A tal proposito l’ex ergastolano Musumeci ci ha raccontato questo aneddoto: “Una volta l’avevo rimproverato per i reati che aveva fatto e lui mi aveva risposto che non lo sapeva neppure lui perché li aveva commessi. L’ho sentito sincero”.

L’articolo di Donato Bilancia

Qualche tempo fa ho letto un articolo scritto da un compagno di detenzione il cui nome è Carmelo Musumeci. Pur apprezzandone l’esposizione dei contenuti, non mi trovo affatto d’accordo quando sostiene vi siano solo due tipi di ergastolo, quello normale e quello ostativo. Ho ragione di credere che ne esista un terzo che paradossalmente si chiama ergastolo “mediatico”.

Senza fare inutili esempi entrando nello specifico, posso comunque affermare con fondata certezza che, dopo aver parlato per i primi anni successivi alla tragedia che mi ha visto responsabile di fatti gravissimi, tutti i mezzi d’informazione hanno continuato e continuano a parlare di me attaccandomi. Da sempre, per qualsiasi cosa che di clamoroso accada a Genova come a Padova, vengo tirato in ballo pur non entrandoci mai per nulla.

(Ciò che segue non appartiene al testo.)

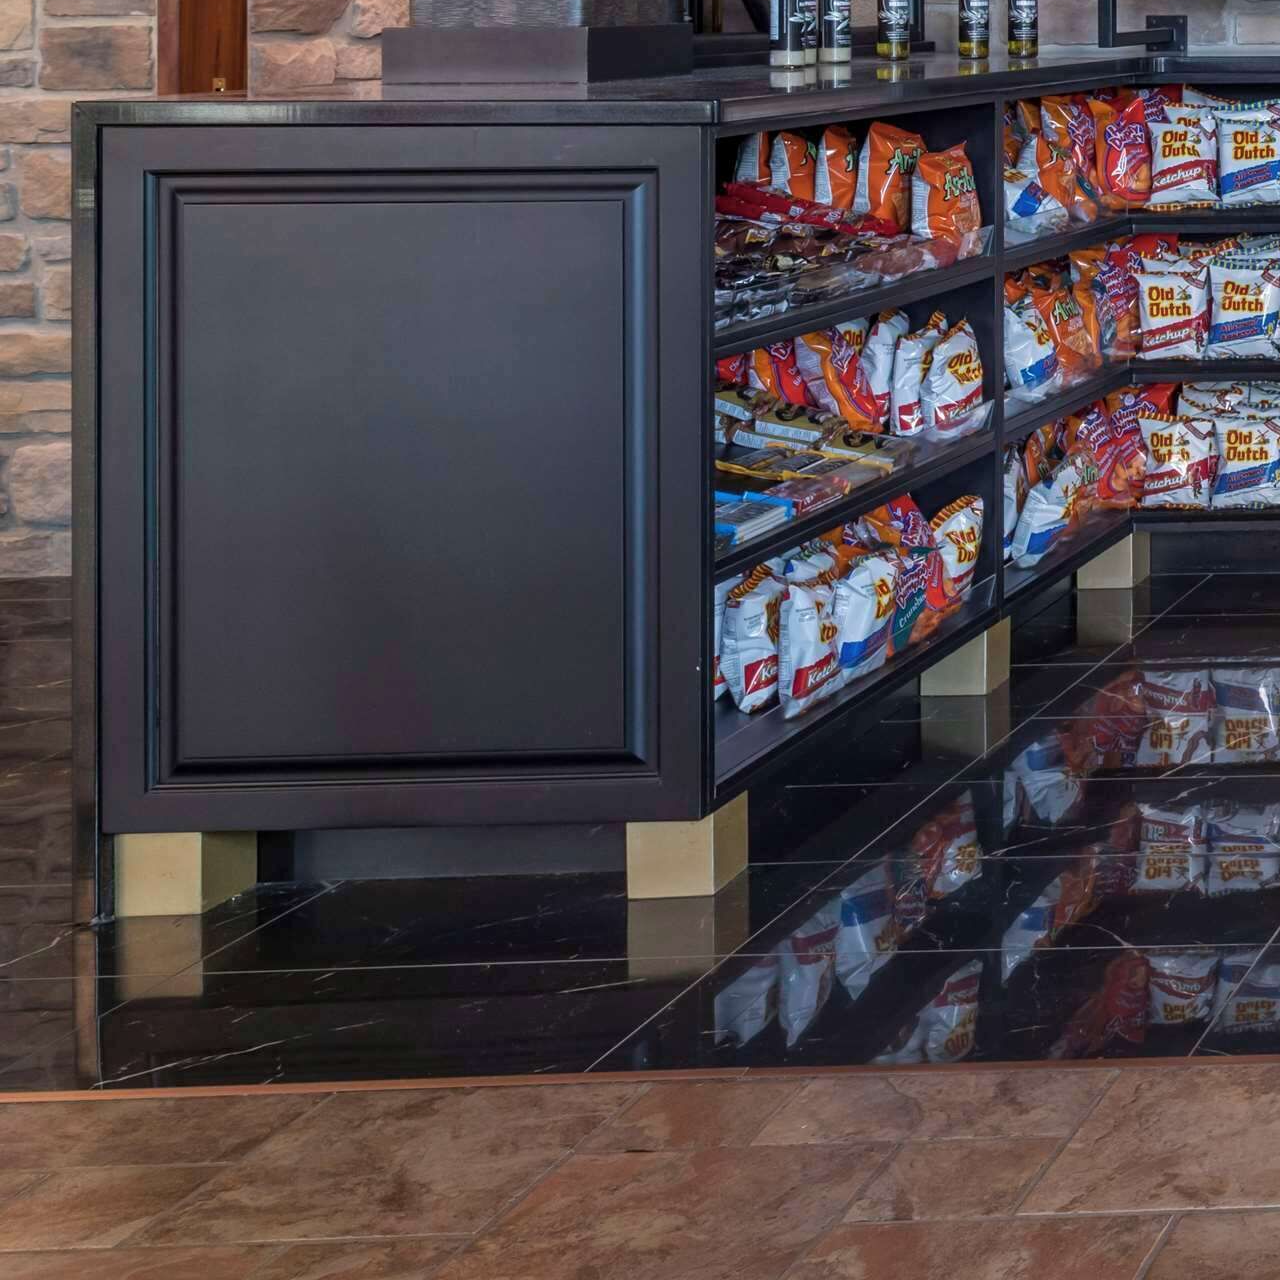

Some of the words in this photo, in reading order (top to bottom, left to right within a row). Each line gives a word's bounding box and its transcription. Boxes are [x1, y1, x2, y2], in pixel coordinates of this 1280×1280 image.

[1162, 130, 1188, 145] Old
[1232, 131, 1260, 145] Old
[1162, 144, 1200, 160] Dutch
[1232, 145, 1276, 160] Dutch
[1152, 166, 1201, 187] Ketchup
[1148, 285, 1175, 302] Old
[1222, 280, 1250, 296] Old
[1148, 302, 1192, 318] Dutch
[1221, 296, 1264, 313] Dutch
[1143, 327, 1190, 348] Ketchup
[948, 351, 974, 370] Old
[1151, 432, 1173, 447] Old
[1226, 429, 1252, 446] Old
[1226, 446, 1269, 462] Dutch
[1144, 471, 1187, 489] Ketchup
[947, 527, 976, 544] Old

Sono sicuro che in questi ultimi diciassette anni non siano mai trascorsi ininterrottamente sei mesi senza che giornali, riviste, talk televisivi, persone che hanno scritto libri ed altri, non abbiano parlato di me. Si pensi che addirittura viene persino proiettato periodicamente anche il film realizzato sulla mia storia. Questo tanto feroce quanto ingiustificato accanimento mediatico penalizza ulteriormente in tutto e per tutto il mio già non facile percorso penitenziario.

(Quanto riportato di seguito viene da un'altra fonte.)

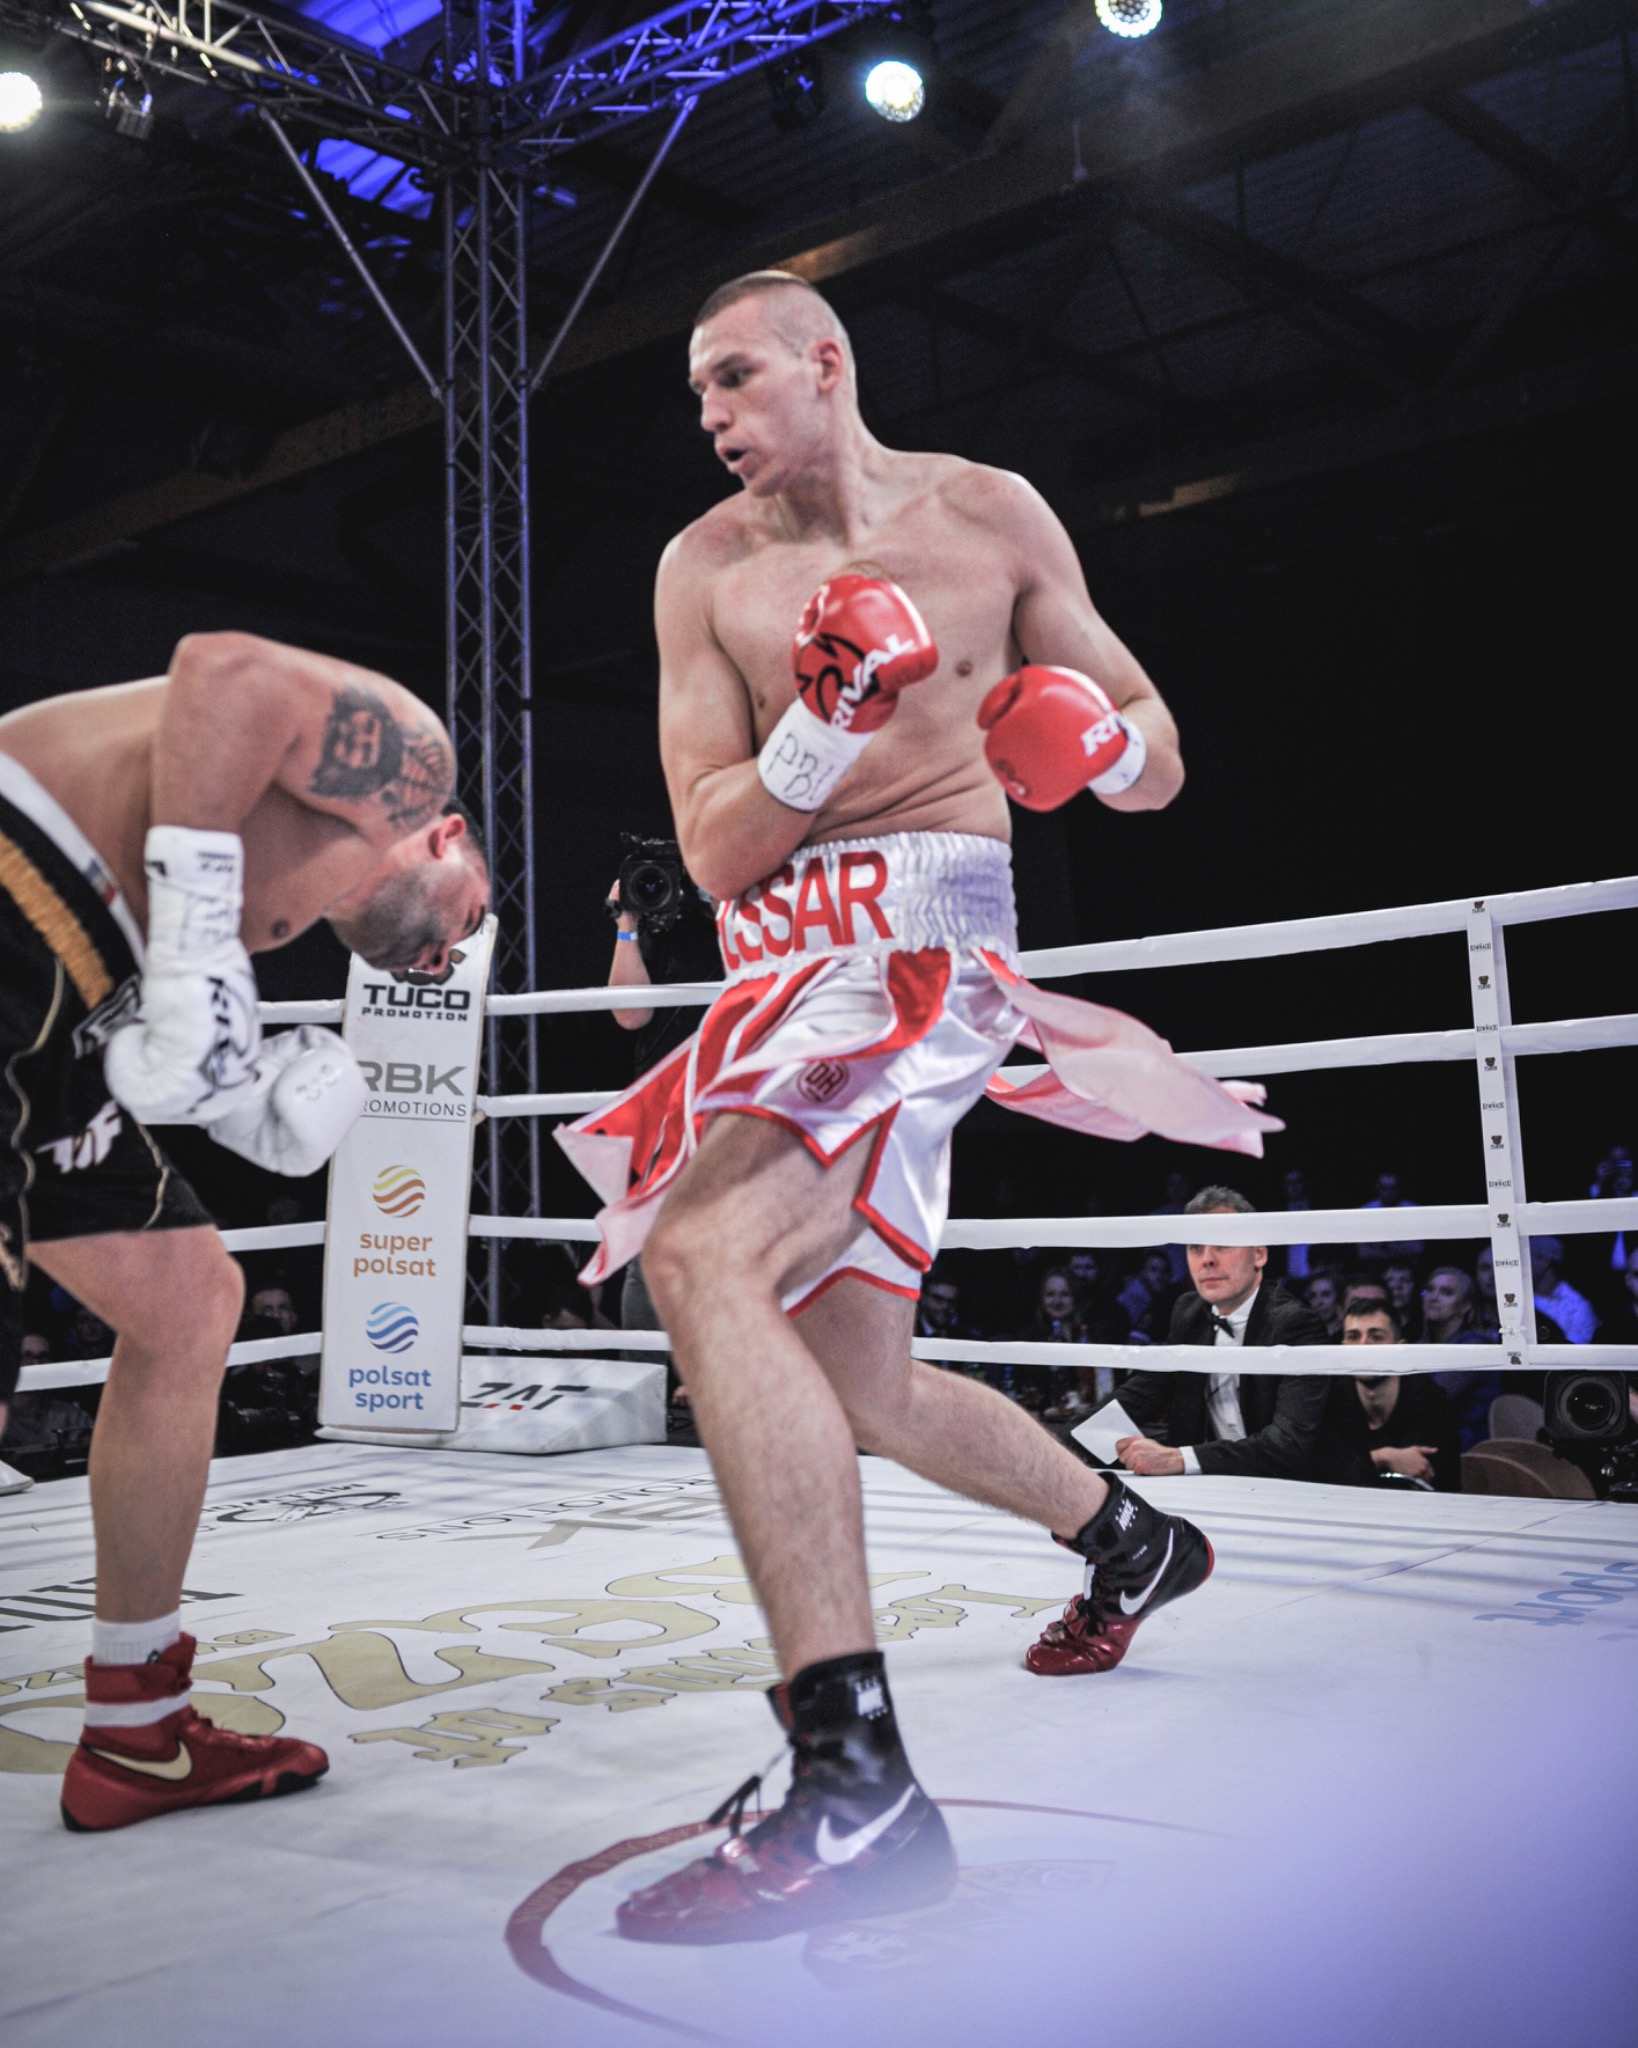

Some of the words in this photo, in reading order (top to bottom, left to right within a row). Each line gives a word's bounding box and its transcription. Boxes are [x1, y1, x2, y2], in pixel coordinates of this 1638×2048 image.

Il continuo parlare di me soprattutto a vanvera, serve soltanto ad acuire l’acrimonia in tutte le persone con le quali a vario titolo devo confrontarmi giornalmente all’interno della struttura penitenziaria, figuriamoci l’impatto che avrà in quelle al di là del muro di cinta. Pur di sottrarmi definitivamente a questa gogna mediatica, qualche anno fa, favorito dalla condizione d’isolamento durato per ben undici anni, durante i quali presi anche coscienza di ciò che mi era capitato, colto da grande sconforto avevo pensato di farla finita ma poi, solo per mera vigliaccheria, mi è mancato il coraggio di mettere in atto il gesto estremo.

Come potrò mai dare un briciolo di dignità al rimanente non lunghissimo percorso di vita rimastomi (ho 64 anni) se tutte le possibilità mi verranno precluse a prescindere solo perché mi chiamo Donato Bilancia? Come portò mai porvi anche un piccolo rimedio al male fatto se il muro di mattoncini che riesco a costruire pian pianino mettendone lì uno dopo l’altro con enorme fatica, viene subito abbattuto senza alcuna apparente ragione? Con grande difficoltà ho iniziato da tempo un complicato percorso per riuscire a riconquistare la fede, questo mi porta a credere che perfino il nostro Papa Francesco si ribellerebbe se venisse a conoscenza di questo infinito attanagliamento mediatico posto in atto nei miei confronti.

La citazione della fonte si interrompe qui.